The heart of the mission will take place where the sun's magnetic field -- or magnetosphere, as such fields are called -- meets the Earth's in the explosive process known as magnetic reconnection. Now, scientists will see those areas as never before.

"It's really going to blow so much of what we know about the magnetosphere wide open," said Shay, associate professor in the Department of Physics and Astronomy.

The launch marks the culmination of more than a decade of work and sets in motion all sorts of new projects as new, high-resolution images are transmitted and researchers -- including those at UD -- start to analyze extraordinary amounts of data about conditions and interactions that occur when magnetic fields meet and break apart. The explosive blasts that result send out enormous voltage and charged particles that move near the speed of light.

Scientists believe that explosive process -- magnetic reconnection -- is a common phenomenon, but it is a relatively new field of study. Previous missions found evidence of the process, but it has never been observed or measured with the precision and speed that the MMS mission makes possible, Shay said.

Evidence of magnetic reconnection is abundant on Earth, Matthaeus said. It is ultimately responsible for the "auroras," the strange and wonderful "northern light" shows, and can affect many more familiar processes on earth, including satellite transmissions, GPS performance and power grids.
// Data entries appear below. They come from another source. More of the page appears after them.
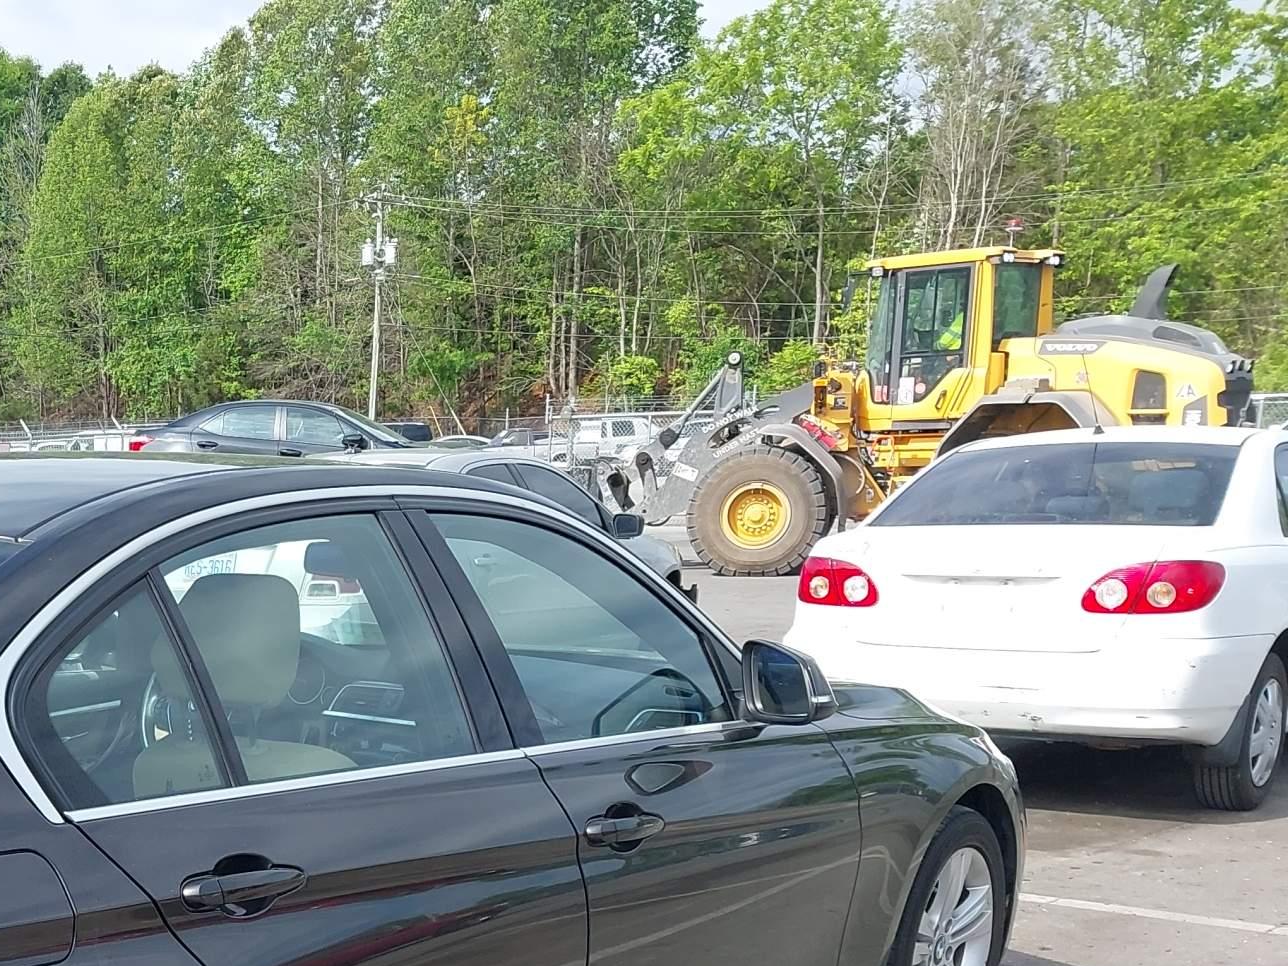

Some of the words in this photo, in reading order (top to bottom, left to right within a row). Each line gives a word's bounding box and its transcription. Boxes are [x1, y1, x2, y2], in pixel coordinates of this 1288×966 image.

[1045, 343, 1098, 353] VOLVO
[702, 423, 715, 434] DO
[715, 411, 734, 427] NOT
[733, 404, 760, 419] WALK
[712, 440, 738, 458] UNDER
The force of the process also affects the weather in space, and can cause damage to spacecraft and create dangers for astronauts.
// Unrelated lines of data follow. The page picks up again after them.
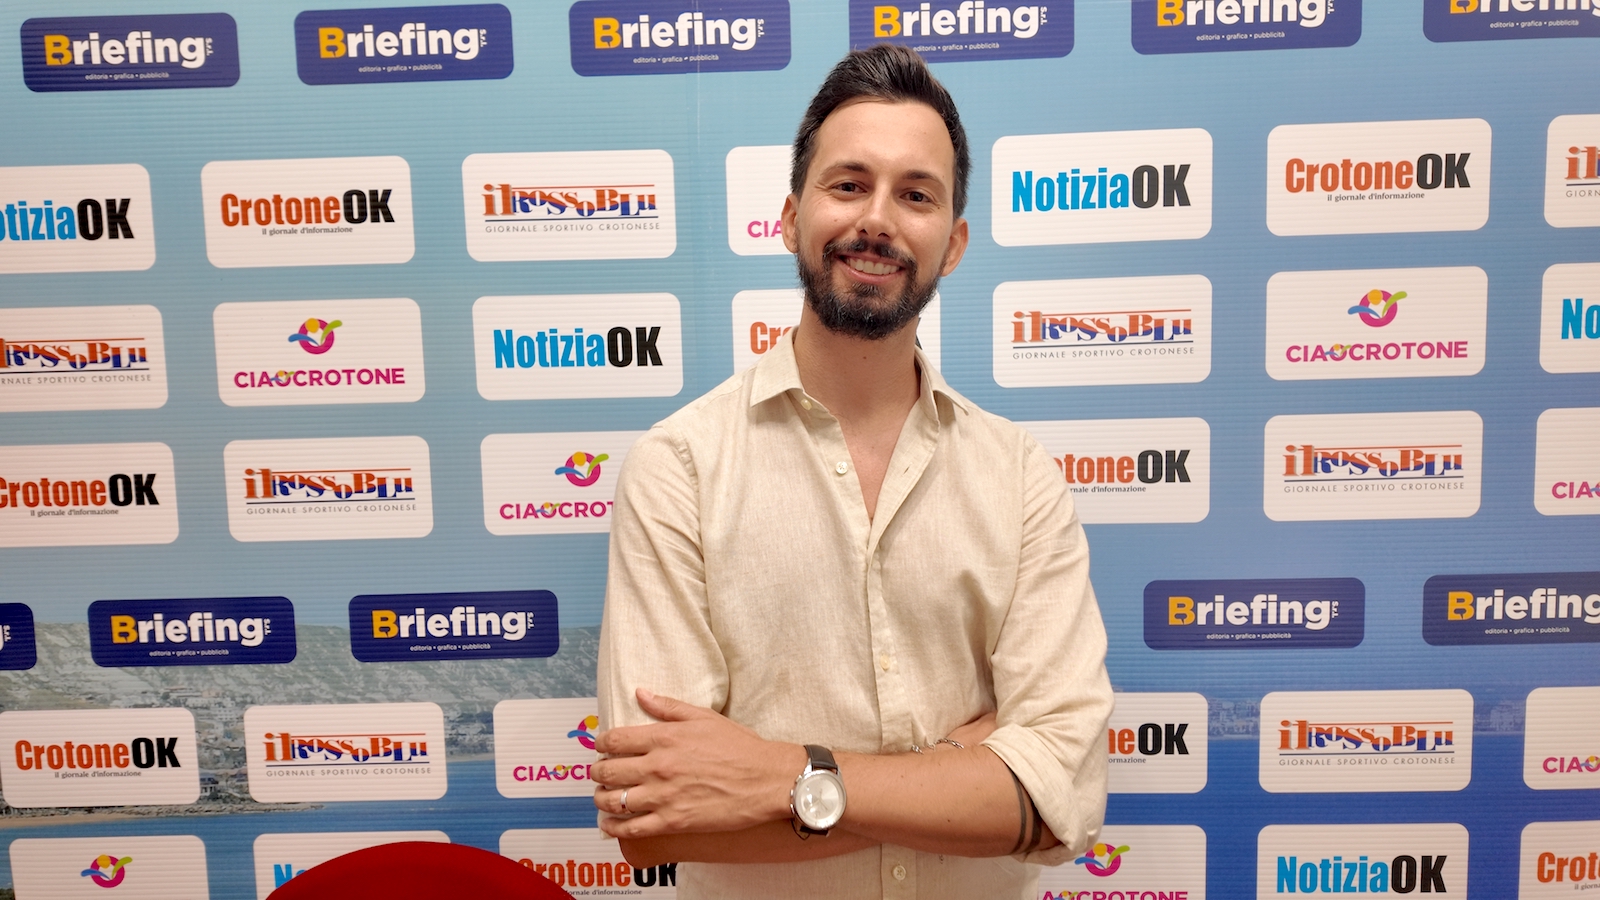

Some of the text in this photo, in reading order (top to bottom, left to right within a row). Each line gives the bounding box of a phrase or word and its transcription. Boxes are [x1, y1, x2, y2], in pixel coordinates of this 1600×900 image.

[874, 0, 1039, 39] Briefing
[1489, 19, 1579, 29] editoria grafica pubblicità
[594, 12, 757, 51] Briefing
[1196, 33, 1221, 41] editoria
[1253, 31, 1286, 39] pubblicità
[318, 23, 479, 61] Briefing
[913, 44, 936, 52] editoria
[969, 42, 1000, 50] pubblicità
[44, 30, 206, 69] Briefing
[689, 54, 719, 62] pubblicità
[413, 63, 442, 71] pubblicità
[1285, 152, 1471, 193] CrotoneOK
[1012, 164, 1191, 213] NotiziaOK
[1334, 193, 1366, 202] giornale
[1368, 192, 1425, 200] d'informazione
[220, 189, 395, 227] CrotoneOK
[269, 227, 298, 236] giornale
[300, 226, 353, 235] d'informazione
[485, 222, 660, 233] GIORNALE SPORTIVO CROTONESE
[750, 321, 793, 355] Cr
[493, 326, 664, 369] NotiziaOK
[1012, 347, 1195, 360] GIORNALE SPORTIVO CROTONESE
[37, 375, 87, 384] SPORTIVO
[91, 374, 151, 383] CROTONESE
[1091, 485, 1147, 493] d'informazione
[1283, 482, 1465, 493] GIORNALE SPORTIVO CROTONESE
[37, 509, 65, 517] giornale
[67, 508, 119, 516] d'informazione
[246, 503, 417, 515] GIORNALE SPORTIVO CROTONESE
[1447, 588, 1600, 624] Briefing
[1168, 594, 1331, 631] Briefing
[110, 611, 264, 647] Briefing
[371, 606, 527, 641] Briefing
[1261, 632, 1291, 640] pubblicità
[1513, 627, 1535, 635] grafica
[1539, 626, 1570, 634] pubblicità
[15, 737, 181, 771] CrotoneOK
[1279, 758, 1331, 766] GIORNALE
[1393, 756, 1456, 765] CROTONESE
[61, 771, 89, 779] giornale
[91, 770, 142, 778] d'informazione
[266, 767, 432, 777] GIORNALE SPORTIVO CROTONESE
[1537, 851, 1600, 884] Crot
[1277, 855, 1448, 894] NotiziaOK
[566, 888, 590, 896] ornale
Understanding of the reconnection phenomenon has many implications for the future of energy, Matthaeus said.

The mission relies on four large disk-shaped spacecraft, each equipped with 25 sensors. They will fly in formation, providing three-dimensional views of the magnetic reconnection region and measuring magnetic fields, electric fields, plasma, and energized particles in the magnetosphere, according to NASA scientist Tom Moore. The spacecraft will be in the target areas for less than a second, but will capture data 100 times faster than any previous mission made possible.

Between passes through the critical reconnection regions -- about 10 such passes would be considered a successful mission, Matthaeus said -- scientists will analyze the data to determine which are most important to transmit during the brief windows of high-resolution transmission capacity.
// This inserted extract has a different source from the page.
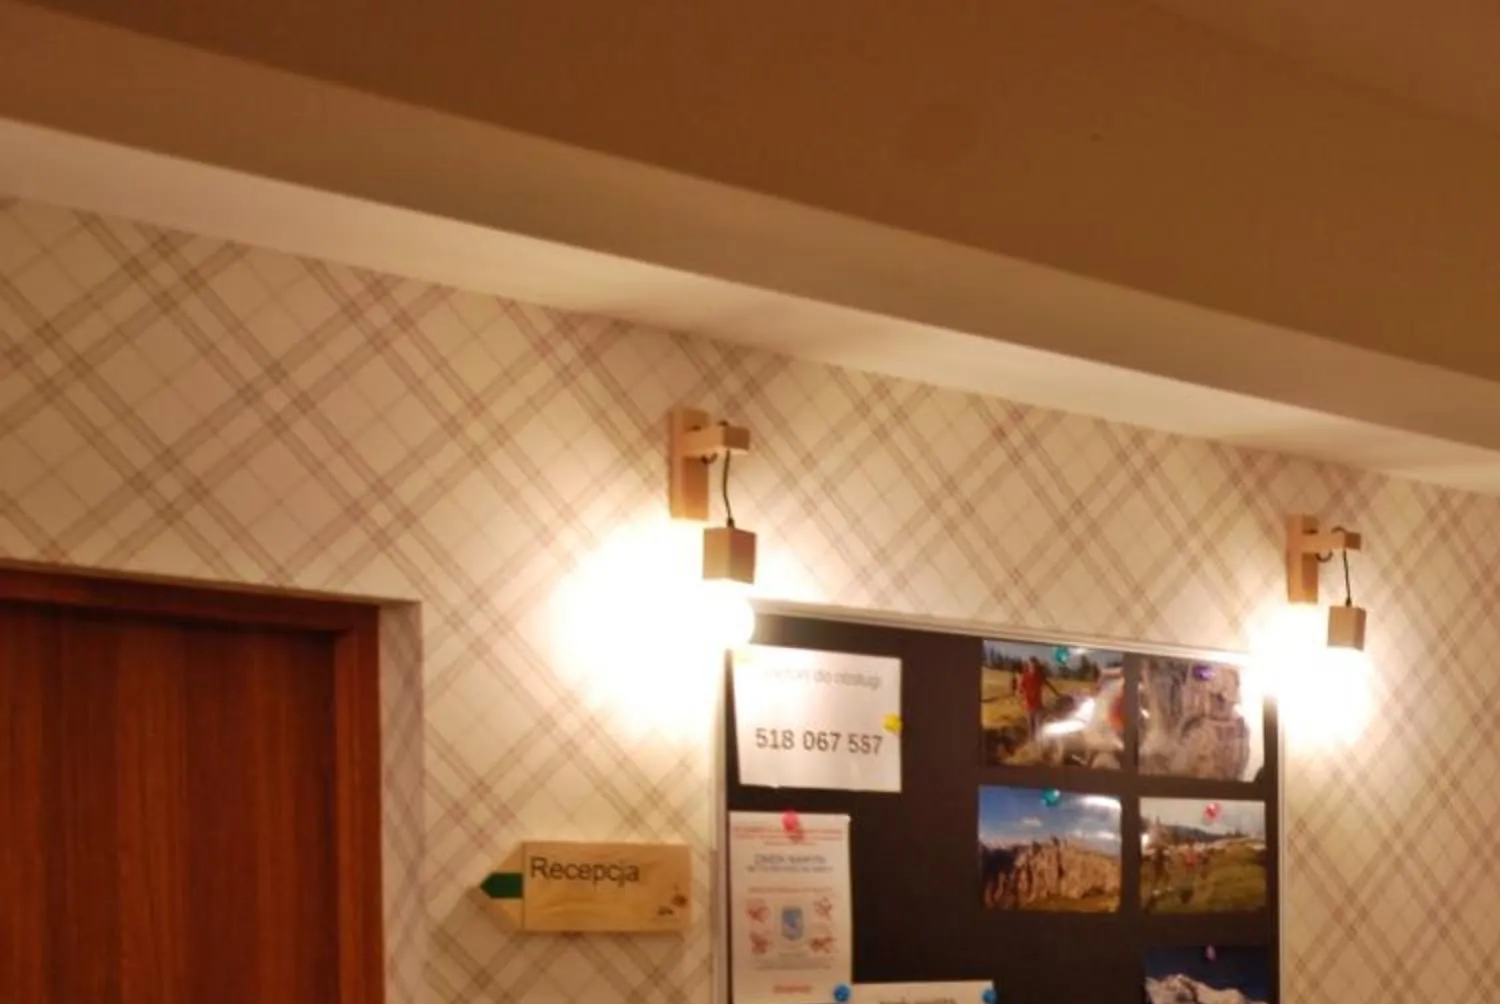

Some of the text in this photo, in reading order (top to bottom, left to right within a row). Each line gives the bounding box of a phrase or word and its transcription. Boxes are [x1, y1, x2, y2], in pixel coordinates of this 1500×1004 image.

[755, 727, 883, 755] 518 067 557
[530, 856, 640, 888] Recepcja
The mission, which will last at least 2 1/2 years, will shed light on the phenomenon wherever it occurs throughout space, including the atmosphere of other stars, regions near black holes, neutron stars, and the edge of the solar system.

Once the mission is fully operative, UD will have access to MMS data within hours of its capture, Matthaeus said, and researchers in multiple fields will have opportunity to participate in the analysis.

Space missions often inspire younger students to go into the sciences, too, said Edmund Nowak, chair of UD's Department of Physics and Astronomy, and that is a good match for UD's mission to promote the study of science and prepare a workforce that has the technical ability to work in the space sciences.

In many ways, a NASA launch has similarities to a child's graduation, Nowak said.

"These missions take so much time," he said. "When they actually materialize, you have to celebrate."